Uber et le chinois Pony AI vont lancer plus de 2 000 robotaxis à travers l'Europe

Milos Schmidt

Uber et le chinois Pony AI vont lancer plus de 2 000 robotaxis à travers l’Europe

Le partenariat élargi allie une plate-forme de mobilité, une capacité de gestion de flotte et une technologie de conduite autonome.

Uber a révélé qu’il étendrait son partenariat avec la société chinoise Pony AI (Pony.ai) pour introduire plus de 2 000 robotaxis en Europe.

Cela survient alors que de plus en plus d’entreprises se concentrent sur la commercialisation à grande échelle de services de conduite autonome.

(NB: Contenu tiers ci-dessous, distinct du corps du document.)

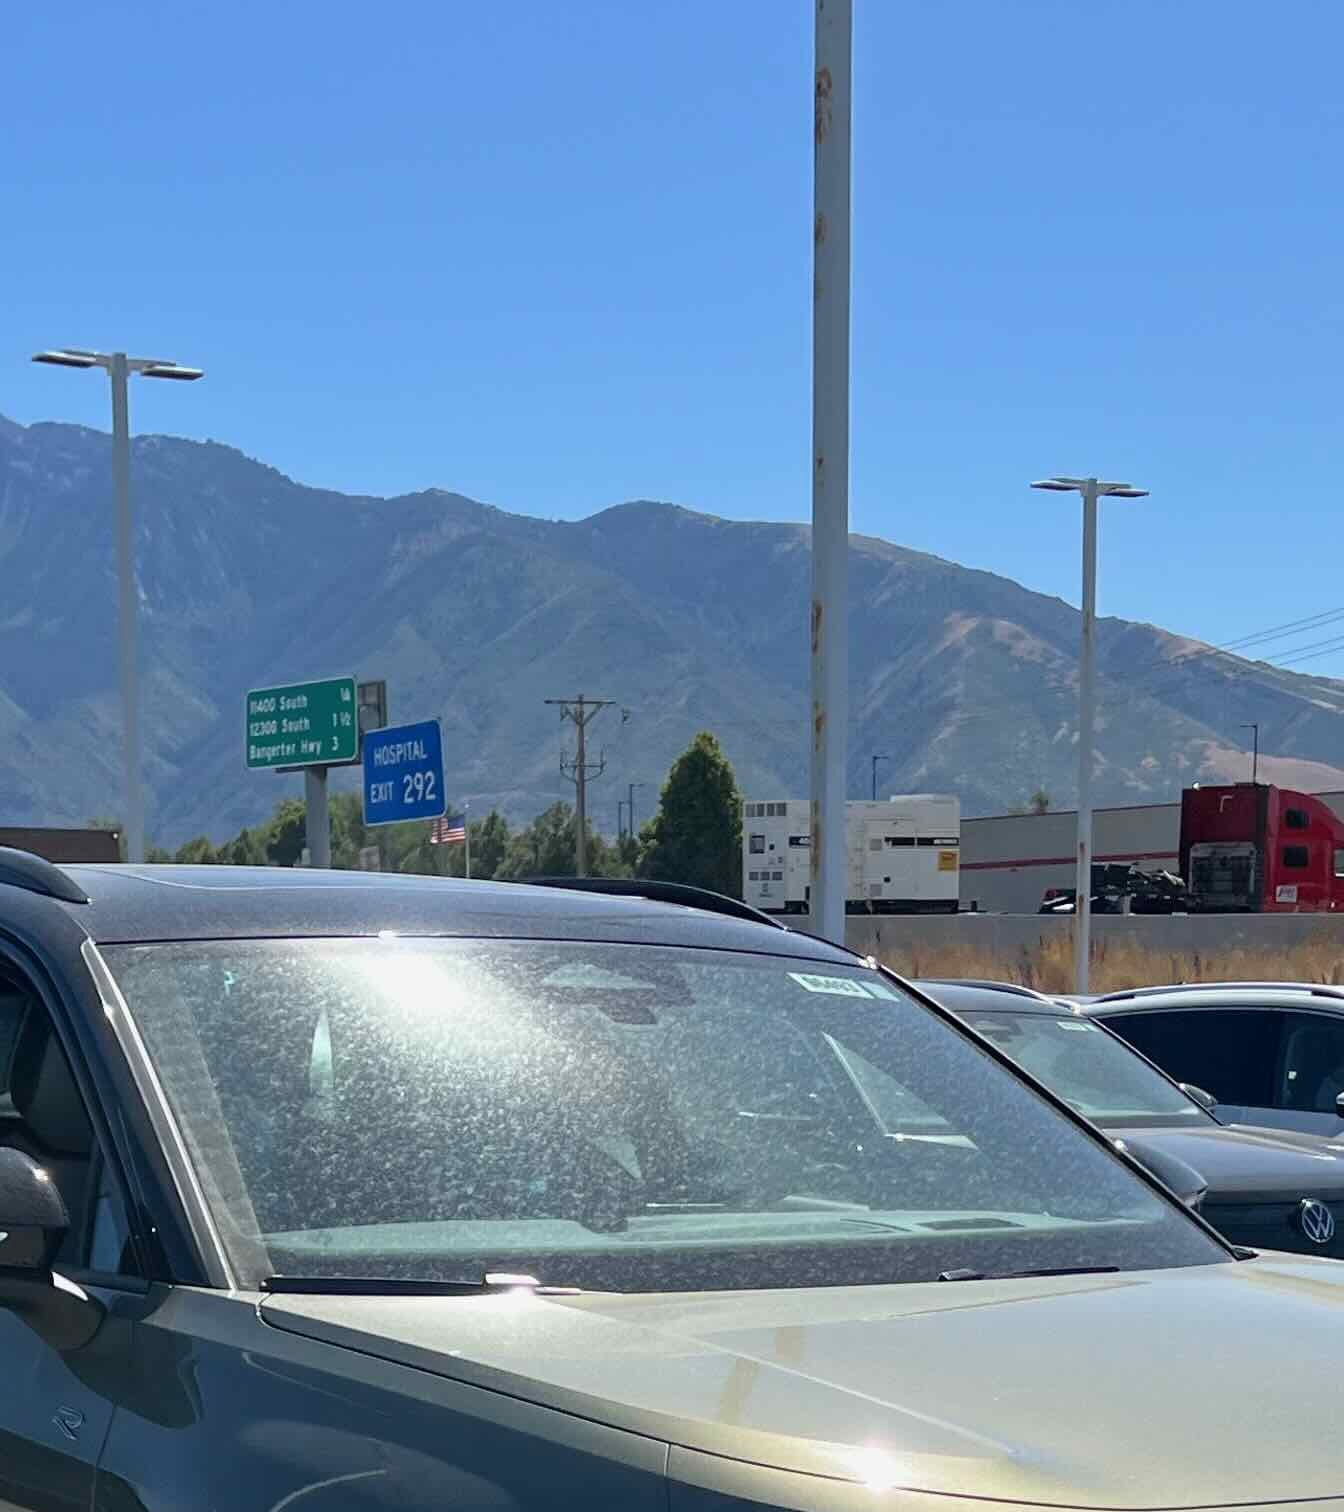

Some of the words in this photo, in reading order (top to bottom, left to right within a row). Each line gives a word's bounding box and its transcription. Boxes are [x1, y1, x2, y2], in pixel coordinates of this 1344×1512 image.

[249, 697, 276, 715] 11400
[279, 694, 308, 711] South
[249, 719, 278, 737] 12300
[281, 717, 310, 733] South
[249, 742, 296, 762] Bangerter
[300, 739, 322, 757] Hwy
[332, 736, 339, 751] 3
[373, 740, 428, 768] HOSPITAL
[370, 781, 394, 804] EXIT
[403, 770, 436, 804] 292

Le partenariat élargi s’ajoutera aux projets existants visant à lancer un service commercial de robotaxi à Zagreb en Croatie. Les utilisateurs pourront réserver ces trajets via la plateforme d’Uber, avec des plans pour étendre le service à quatre autres villes européennes à terme.

Le modèle de partenariat combinera trois éléments clés nécessaires pour fournir des services de robotaxi à grande échelle : une plateforme de mobilité, une capacité de gestion de flotte et une technologie de conduite autonome.

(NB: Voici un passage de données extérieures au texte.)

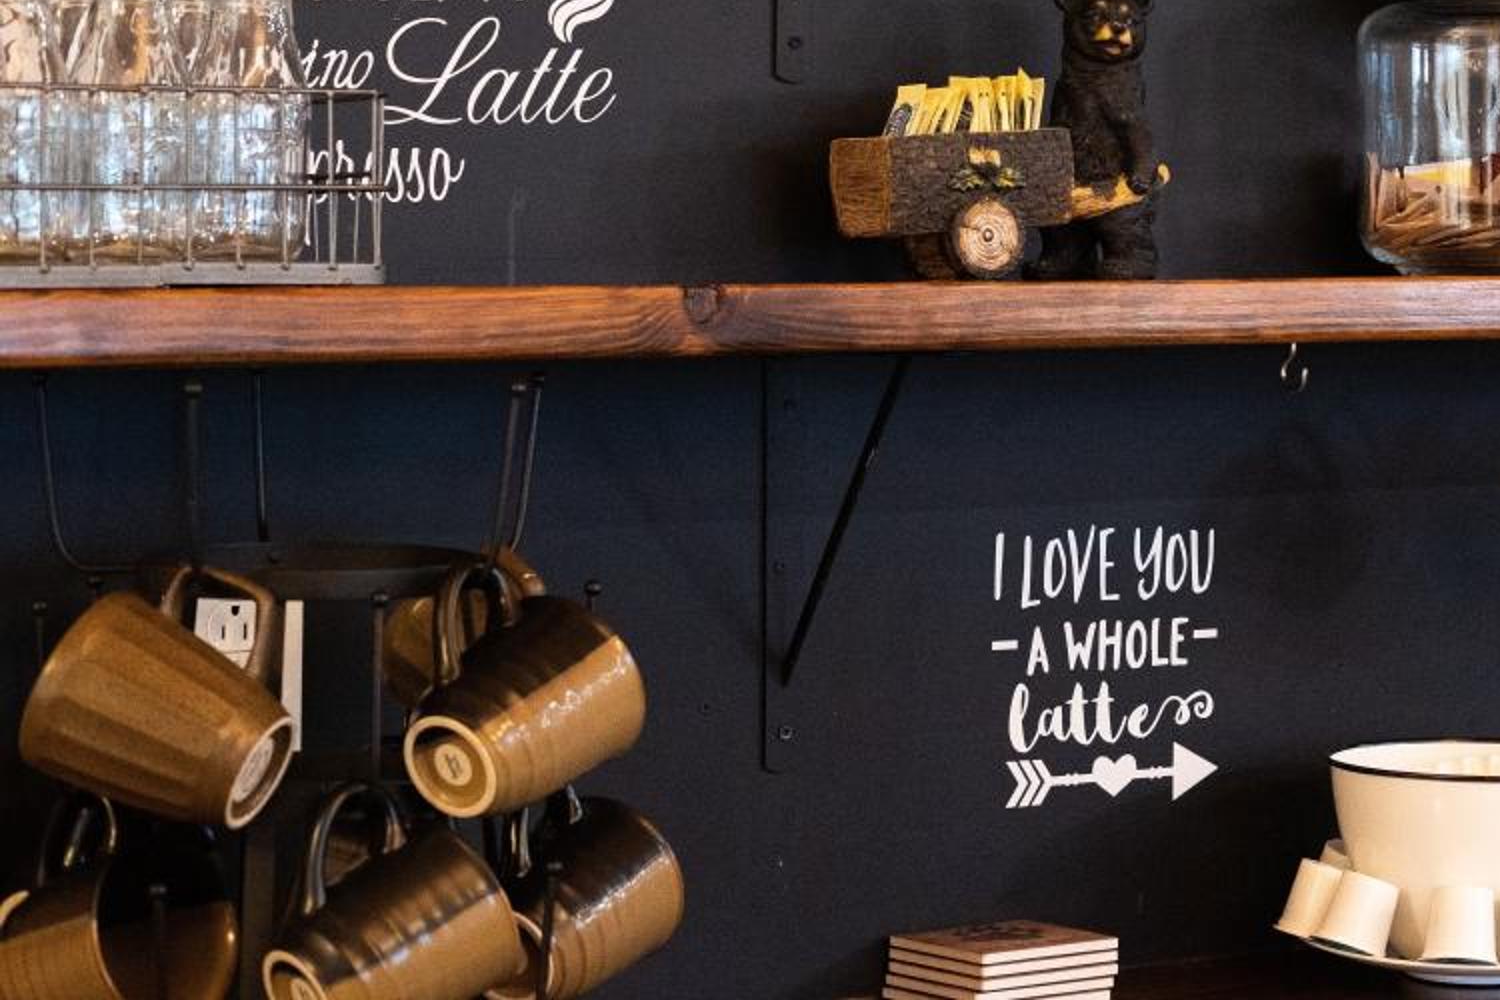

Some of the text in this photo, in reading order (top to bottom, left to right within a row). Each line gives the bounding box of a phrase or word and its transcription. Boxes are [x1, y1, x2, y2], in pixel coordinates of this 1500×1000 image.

Les deux sociétés ont également l’intention d’explorer des opportunités au Moyen-Orient, mais les détails exacts de celles-ci n’ont pas encore été partagés.

Cet accord élargi marque une nouvelle phase importante dans le partenariat entre Pony.ai et Uber. Cela reflète notre engagement commun à proposer des services Robotaxi sûrs et fiables à davantage de villes européennes », a déclaré le Dr James Peng, fondateur et PDG de Pony.ai, dans un communiqué de presse.

« En combinant la technologie éprouvée de conduite autonome et le savoir-faire opérationnel de Pony.ai avec la plateforme de mobilité mondiale d’Uber et sa vaste portée sur le marché, nous visons à construire des opérations commerciales durables à grande échelle à travers l’Europe et au-delà », a-t-il poursuivi.

Pony AI, une entreprise mondiale de véhicules autonomes qui construit des robotaxis, des systèmes de conduite autonomes et des camions autonomes, exploite déjà des services de robotaxis payants et entièrement sans conducteur dans des centres chinois clés comme Pékin, Guangzhou, Shanghai et Shenzhen.

L’entreprise apportera sa technologie de conduite autonome de niveau 4, ainsi qu’une précieuse expérience opérationnelle issue de projets de robotaxi à grande échelle.

D’autre part, Uber fournira sa plateforme de mobilité mondiale, qui comprend des fonctions de paiement, de réservation et de service client.

Le soutien local des opérateurs de flotte sera également utilisé pour les opérations quotidiennes sur les marchés individuels.

« Le prochain chapitre de la mobilité autonome consiste à passer des lancements individuels à une échelle commerciale reproductible », a déclaré Sarfraz Maredia, responsable mondial de la mobilité autonome et de la livraison chez Uber.

« En collaboration avec Pony.ai, nous combinons une technologie autonome avancée avec la plate-forme hybride d’Uber, l’expérience sur le terrain et l’excellence opérationnelle, pour créer un modèle qui peut s’étendre rapidement et de manière fiable dans les villes », a-t-il poursuivi.

L’essor des véhicules autonomes

Plusieurs entreprises à travers le monde, notamment européennes comme Mercedes-Benz, BMW et Volkswagen, ont exploré des technologies et des solutions de conduite autonome au cours des dernières années.

Cela est dû à la croissance massive prévue du marché, ainsi qu’au potentiel de résolution des principaux goulots d’étranglement tels que le déficit de conducteurs.

Les véhicules autonomes complètent également très bien les architectures de véhicules électriques et sont donc souvent considérés comme la prochaine étape naturelle. Ils pourraient également contribuer à accroître l’efficacité urbaine dans de nombreux domaines.

Cependant, des problèmes de sécurité et le manque de technologie adéquate ont freiné plusieurs entreprises, notamment en Europe.

D’un autre côté, la Chine est devenue un leader incontesté en matière de technologie de conduite autonome, grâce au soutien massif de l’État et à son traitement comme une priorité nationale et stratégique.